RealMe for Developers and Integration Teams
RealMe.

RealMe and OIDC

The diagram below provides a high-level overview of the RealMe implementation of OpenID Connect (OIDC) Authorisation Code flow.

Open ID Connect flow diagram.

The user journey is as follows:

  • The user clicks the login button or tries to access the client organisation’s digital service. The digital service creates an OIDC authentication request with request parameters and redirects the user to the RealMe OIDC Authorisation Endpoint. The RealMe OIDC Authorisation Endpoint validates the client’s OIDC authentication request. The RealMe OIDC Authorisation Endpoint displays the login page on successful validation of the authentication request.
  • The user enters a username and password for low-strength authentication, and a one-time password (OTP) is generated through an Authenticator App or received through SMS for moderate-strength authentication. The RealMe Authorisation endpoint: 
       a. validates the user entered login credentials, 
       b. obtains requested credentials from internal source (i.e. Azure AD B2C) and/or external sources (i.e. IVS, AVS), 
       c. checks whether the returned credentials require consent then checks whether the user has given enduring consent previously and displays consent page with the user’s claims if the user has not given enduring consent.   
  • The user gives consent to share their claims with the client’s digital service and RealMe saves the user consent outcome. The RealMe Authorisation Endpoint saves consent, creates an authorisation code then redirects the user with the authorisation code to the client’s digital service.
  • The client's digital service creates a request with an authorisation code and client assertion via the client_secret_basic authentication method and sends them to the RealMe OIDC Token Endpoint.

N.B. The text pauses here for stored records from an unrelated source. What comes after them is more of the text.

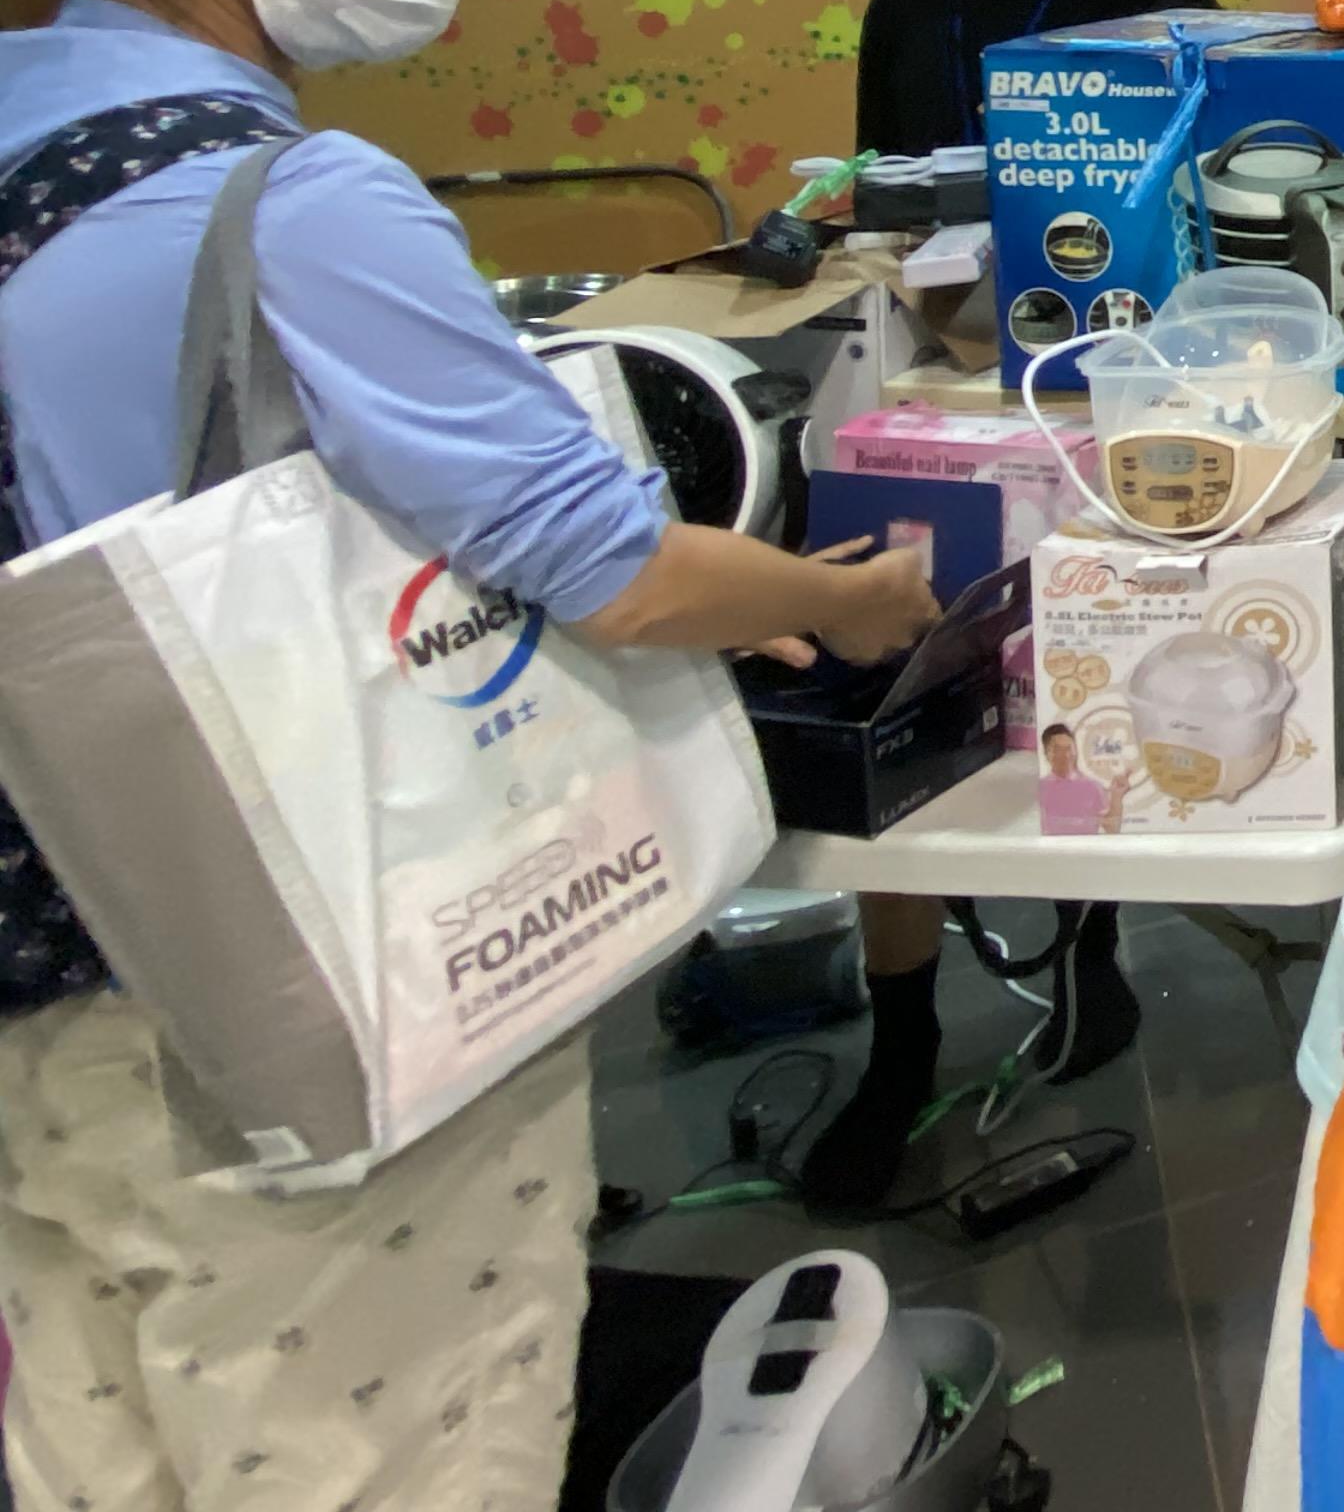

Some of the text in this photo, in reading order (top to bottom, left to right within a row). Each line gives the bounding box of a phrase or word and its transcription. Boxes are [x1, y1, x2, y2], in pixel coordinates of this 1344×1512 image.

[989, 71, 1107, 97] BRAVO
[1045, 112, 1110, 135] 3.0L
[999, 164, 1075, 193] deep
[944, 456, 977, 482] lamp
[1078, 611, 1135, 621] Electric
[1139, 612, 1174, 621] Stew
[1178, 612, 1203, 621] Pot
[446, 832, 662, 992] FOAMING

The RealMe OIDC Token Endpoint validates the client secret then requests and issues an ID Token with the requested claims and, optionally, an access token for RCMS in the response.
  • The client's digital service validates the ID token signature, retrieves the user claims and subject identifier from the ID Token, identifies the user based on the subject identifier and displays the appropriate landing page to the user.